(Records contained in a dataset)
┌────────
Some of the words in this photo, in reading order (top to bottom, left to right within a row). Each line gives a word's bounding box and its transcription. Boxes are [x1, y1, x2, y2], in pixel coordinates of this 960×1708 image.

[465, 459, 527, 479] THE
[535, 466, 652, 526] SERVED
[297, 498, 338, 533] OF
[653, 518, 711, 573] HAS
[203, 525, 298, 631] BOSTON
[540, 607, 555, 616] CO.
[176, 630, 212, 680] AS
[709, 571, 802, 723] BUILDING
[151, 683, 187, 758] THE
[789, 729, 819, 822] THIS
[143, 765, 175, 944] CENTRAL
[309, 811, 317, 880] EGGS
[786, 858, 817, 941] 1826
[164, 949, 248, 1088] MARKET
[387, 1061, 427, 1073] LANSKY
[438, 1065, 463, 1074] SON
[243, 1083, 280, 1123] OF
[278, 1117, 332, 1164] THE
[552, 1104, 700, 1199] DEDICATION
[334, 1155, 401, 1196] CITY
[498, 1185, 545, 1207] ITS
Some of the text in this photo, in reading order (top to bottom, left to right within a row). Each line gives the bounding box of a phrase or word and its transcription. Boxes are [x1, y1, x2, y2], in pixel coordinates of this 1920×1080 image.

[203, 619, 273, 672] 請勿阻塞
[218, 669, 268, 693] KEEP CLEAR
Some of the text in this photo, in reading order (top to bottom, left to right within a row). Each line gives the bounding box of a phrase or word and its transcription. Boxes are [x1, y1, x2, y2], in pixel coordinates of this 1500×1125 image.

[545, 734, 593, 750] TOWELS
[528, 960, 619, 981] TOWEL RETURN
└────────
**Assigned task**
Transcribe the data above in full, exactly.

**Answer area**
Some of the words in this photo, in reading order (top to bottom, left to right within a row). Each line gives a word's bounding box and its transcription. Boxes are [x1, y1, x2, y2], in pixel coordinates of this 960×1708 image.

[465, 459, 527, 479] THE
[535, 466, 652, 526] SERVED
[297, 498, 338, 533] OF
[653, 518, 711, 573] HAS
[203, 525, 298, 631] BOSTON
[540, 607, 555, 616] CO.
[176, 630, 212, 680] AS
[709, 571, 802, 723] BUILDING
[151, 683, 187, 758] THE
[789, 729, 819, 822] THIS
[143, 765, 175, 944] CENTRAL
[309, 811, 317, 880] EGGS
[786, 858, 817, 941] 1826
[164, 949, 248, 1088] MARKET
[387, 1061, 427, 1073] LANSKY
[438, 1065, 463, 1074] SON
[243, 1083, 280, 1123] OF
[278, 1117, 332, 1164] THE
[552, 1104, 700, 1199] DEDICATION
[334, 1155, 401, 1196] CITY
[498, 1185, 545, 1207] ITS
Some of the text in this photo, in reading order (top to bottom, left to right within a row). Each line gives the bounding box of a phrase or word and its transcription. Boxes are [x1, y1, x2, y2], in pixel coordinates of this 1920×1080 image.

[203, 619, 273, 672] 請勿阻塞
[218, 669, 268, 693] KEEP CLEAR
Some of the text in this photo, in reading order (top to bottom, left to right within a row). Each line gives the bounding box of a phrase or word and its transcription. Boxes are [x1, y1, x2, y2], in pixel coordinates of this 1500×1125 image.

[545, 734, 593, 750] TOWELS
[528, 960, 619, 981] TOWEL RETURN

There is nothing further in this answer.